§ Assigned task
Leave every picture behind and copy the rest of the entries below exactly.

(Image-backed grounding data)
=== Begin Enclosure ===

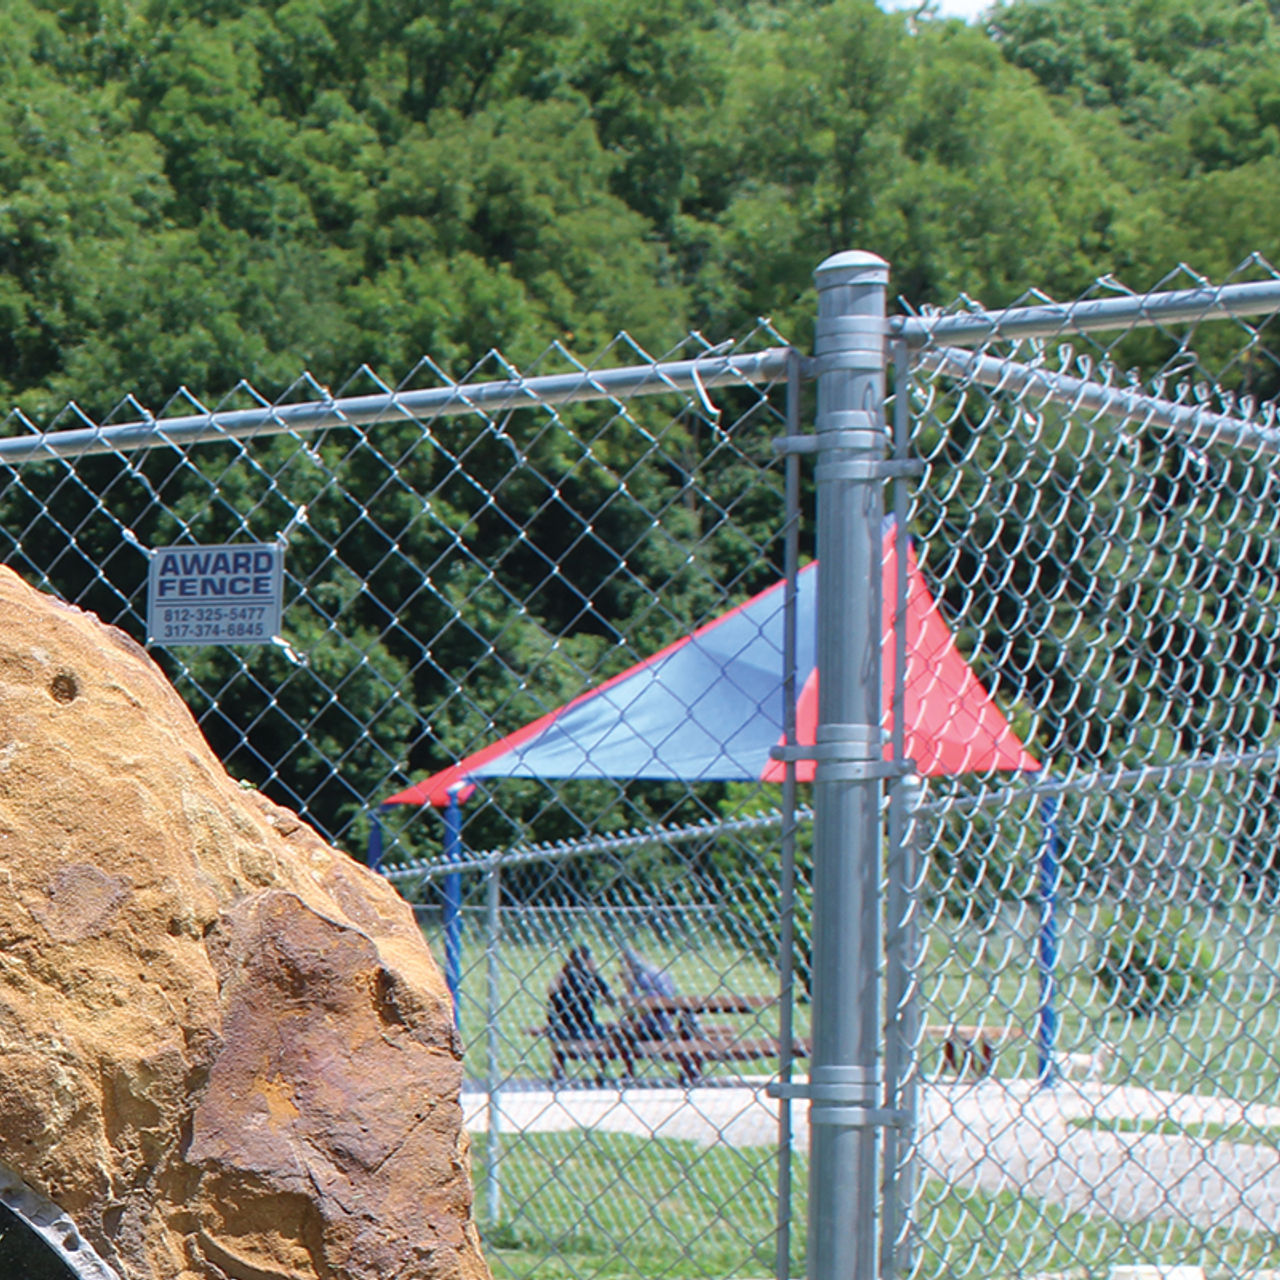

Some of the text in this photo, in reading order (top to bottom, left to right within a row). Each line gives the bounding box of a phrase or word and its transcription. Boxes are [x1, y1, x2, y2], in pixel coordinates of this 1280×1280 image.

[159, 551, 273, 576] AWARD
[158, 576, 272, 596] FENCE
[164, 607, 265, 622] 812-325-5477
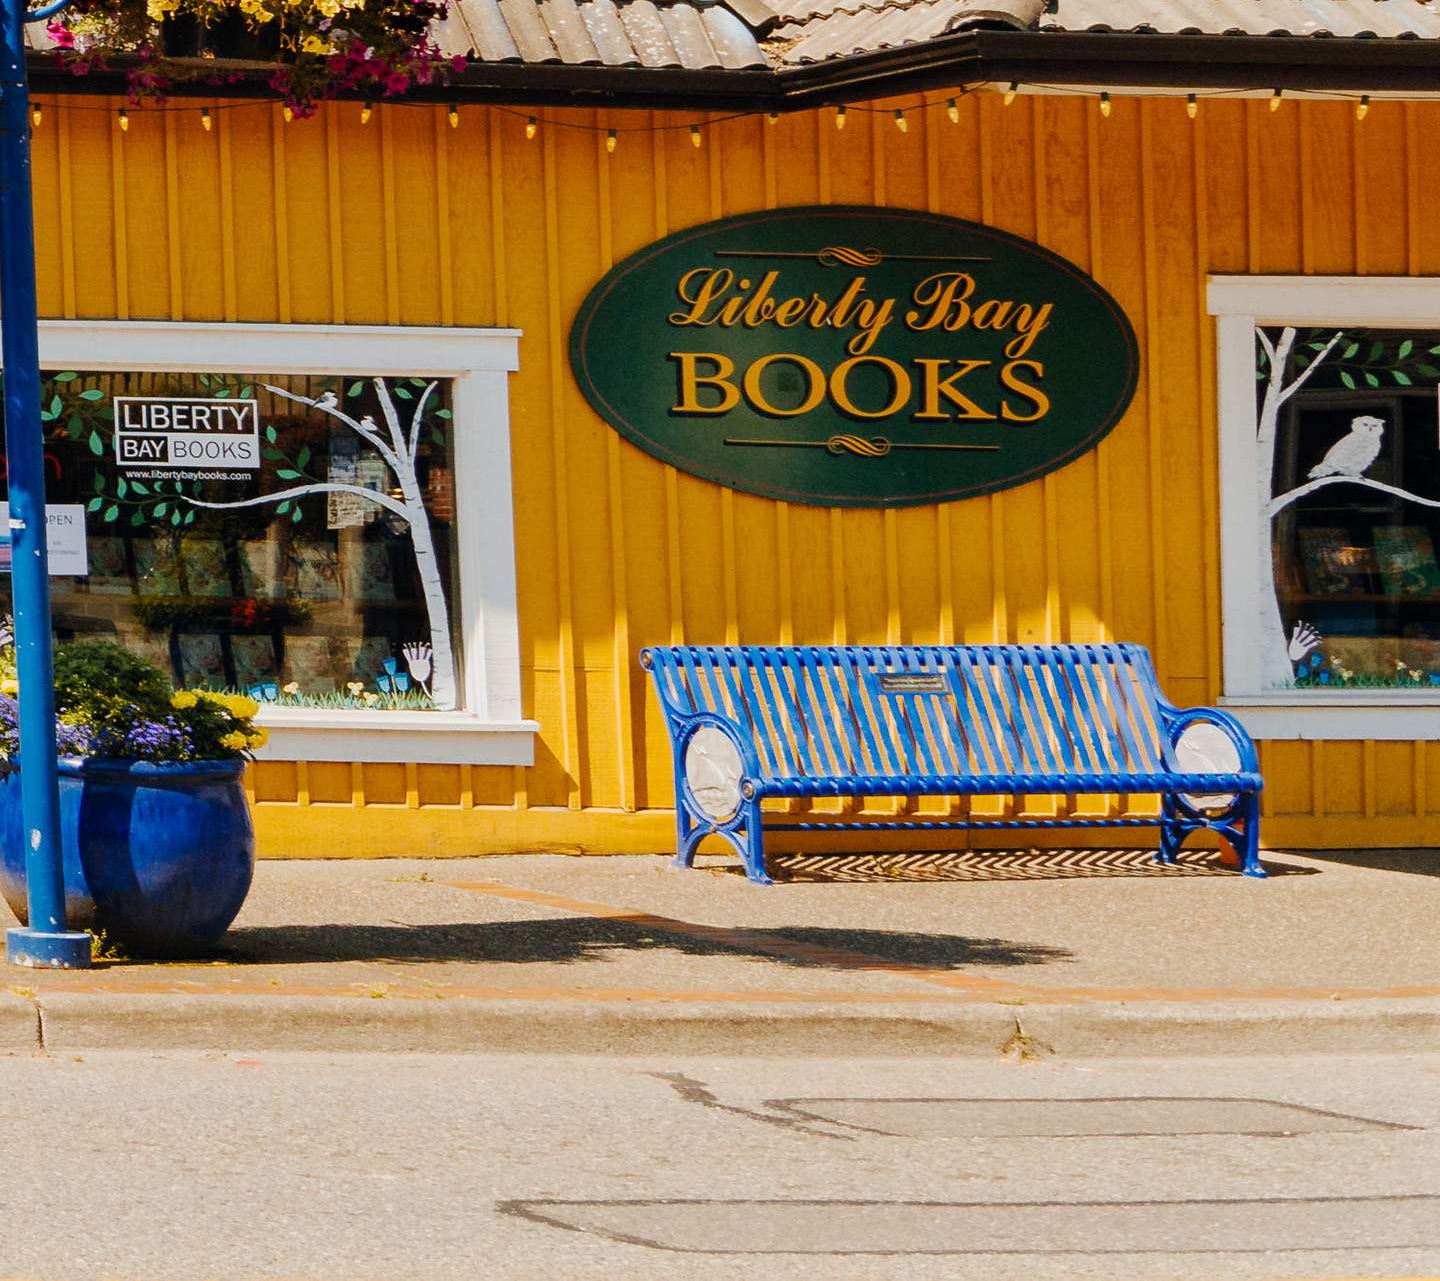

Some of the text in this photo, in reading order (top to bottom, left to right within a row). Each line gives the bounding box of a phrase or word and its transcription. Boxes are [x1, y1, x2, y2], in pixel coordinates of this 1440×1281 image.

[668, 268, 1054, 358] Liberty Bay
[670, 351, 1051, 423] BOOKS
[123, 403, 250, 431] LIBERTY
[123, 439, 252, 460] BAY BOOKS
[125, 469, 252, 482] www.libertybaybooks.com

=== End Enclosure ===

§ Solution for this exercise
Some of the text in this photo, in reading order (top to bottom, left to right within a row). Each line gives the bounding box of a phrase or word and its transcription. Boxes are [x1, y1, x2, y2], in pixel coordinates of this 1280×1280 image.

[159, 551, 273, 576] AWARD
[158, 576, 272, 596] FENCE
[164, 607, 265, 622] 812-325-5477

Some of the text in this photo, in reading order (top to bottom, left to right within a row). Each line gives the bounding box of a phrase or word and its transcription. Boxes are [x1, y1, x2, y2], in pixel coordinates of this 1440×1281 image.

[668, 268, 1054, 358] Liberty Bay
[670, 351, 1051, 423] BOOKS
[123, 403, 250, 431] LIBERTY
[123, 439, 252, 460] BAY BOOKS
[125, 469, 252, 482] www.libertybaybooks.com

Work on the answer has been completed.